Of course, this will also impact providers so it will be more important than ever for them to make sure they know how to discover opportunities. Providers will need to ensure their documentation and coding are optimal, and they have high re-capture rates every year.
2. EDS Will Make Up 50% of Reimbursement
As expected, EDS data will now make up 50 percent of RAF, up from 25 percent in 2019. In 2021, EDS data will make up 75 percent and 100 percent by 2022.
Health plans must make sure they are analyzing and correcting differences between RAPS inpatient data and EDS inpatient data, identifying errors and the source of the errors, as well as issues with claims, providers, and members, and managing them appropriately.
3. Special Supplemental Benefits for the Chronically Ill (SSBCI)
For the first time, CMS has included Special Supplemental Benefits for the Chronically Ill to include non-medical, in-home services for chronically ill beneficiaries. The benefits will include things like meals, grocery shopping, and transportation.

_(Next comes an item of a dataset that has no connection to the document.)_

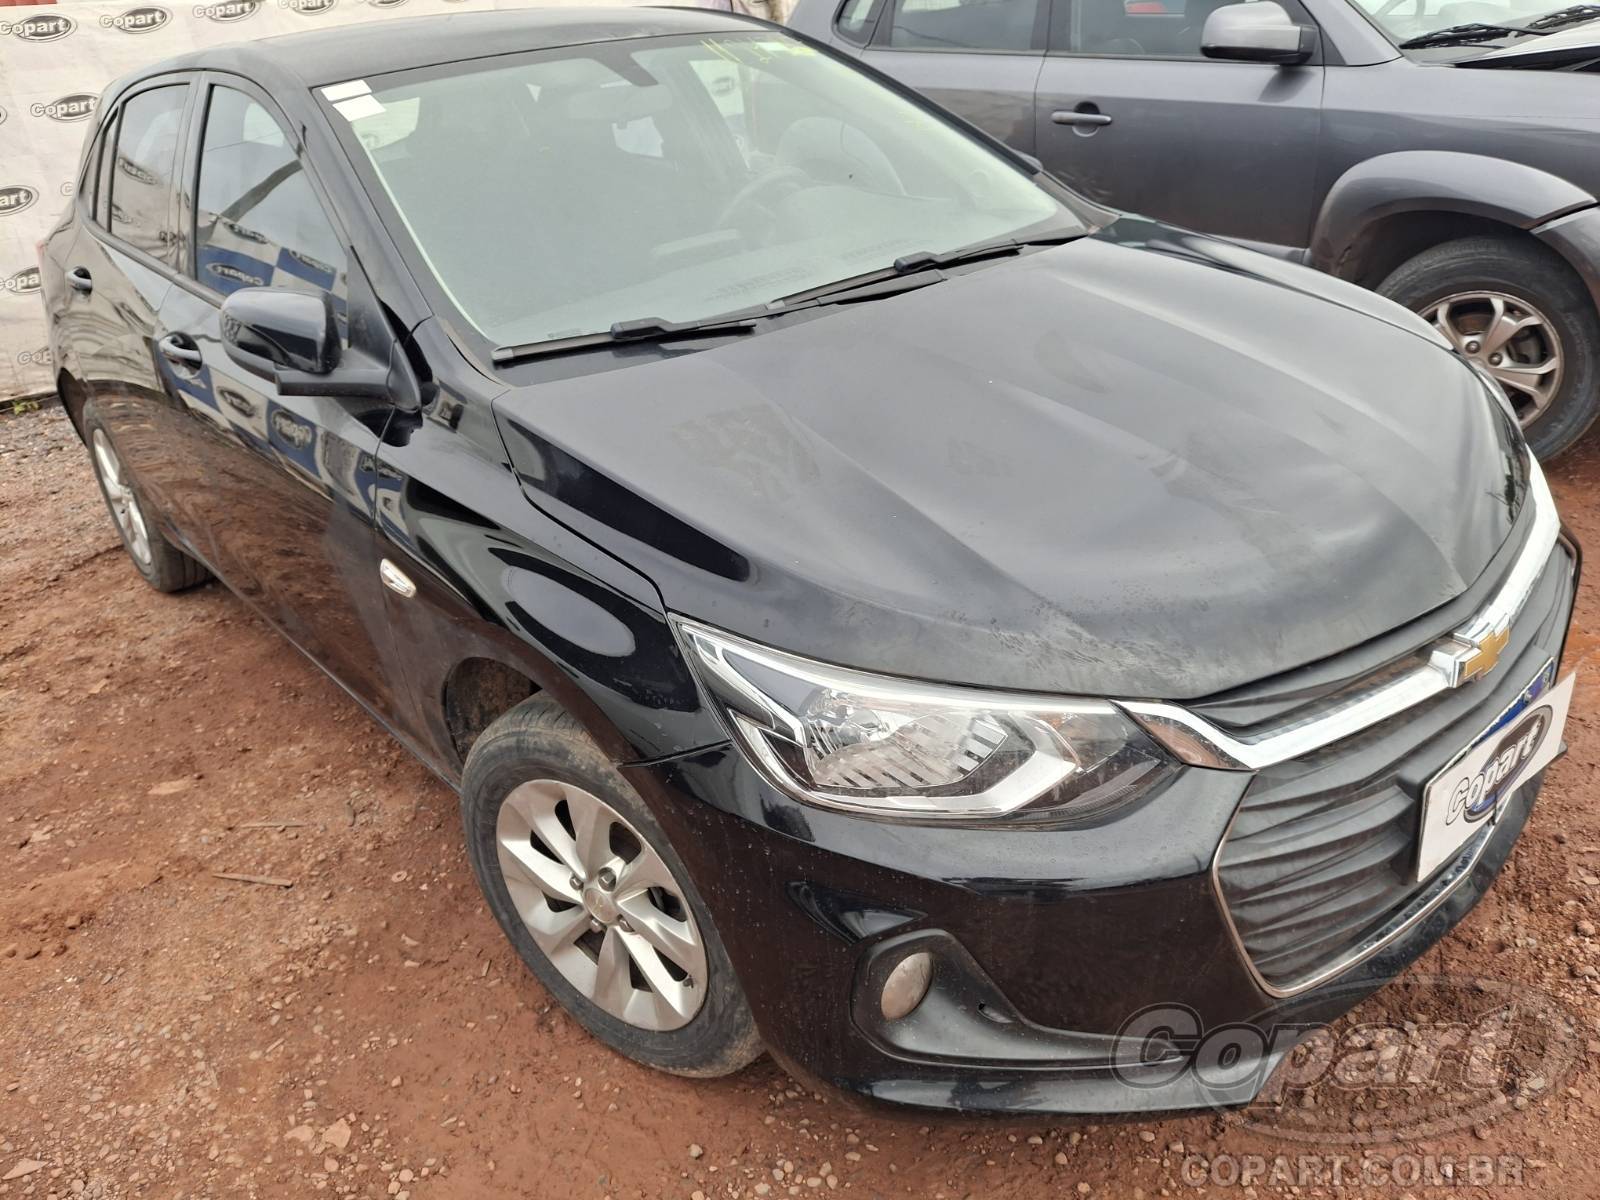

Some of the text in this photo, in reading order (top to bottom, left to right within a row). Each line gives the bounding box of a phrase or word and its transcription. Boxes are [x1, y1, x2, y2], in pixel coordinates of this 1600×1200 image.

This is an important addition because studies show that by keeping the chronically ill and aging populations in their homes and providing support services, they’re less likely to end up in the ER due to unmanaged health conditions or falls and injuries. For example, Humana has seen a 44% decrease in hospital readmissions with their in-home benefits.
As more health plans look to implement these supplemental benefits, we expect it to provide a significant source of competition.
4. Telehealth for All MA Beneficiaries
Unlike previous years when telehealth benefits were available only to members in rural communities, 2020 will usher in a new era where the benefit will be available for all Medicare Advantage beneficiaries. This will definitely be a win-win for providers, payers and beneficiaries alike and a game changer in how health plans manage their members.
Health plans will need the appropriate infrastructure to implement telehealth of course, but many health plans have already been aggressive in offering this benefit, and we expect many will continue to do so in CY 2020.
Navigating the new APCC model requires a well-designed risk adjustment strategy specific to your member population. Through our epiAnalyst and epiEncounter solutions, we’ve created a RAF playbook to help you identify HCC opportunities, streamline and reconcile RAPS and EDS data, and make accurate financial projections. To learn more, contact us today.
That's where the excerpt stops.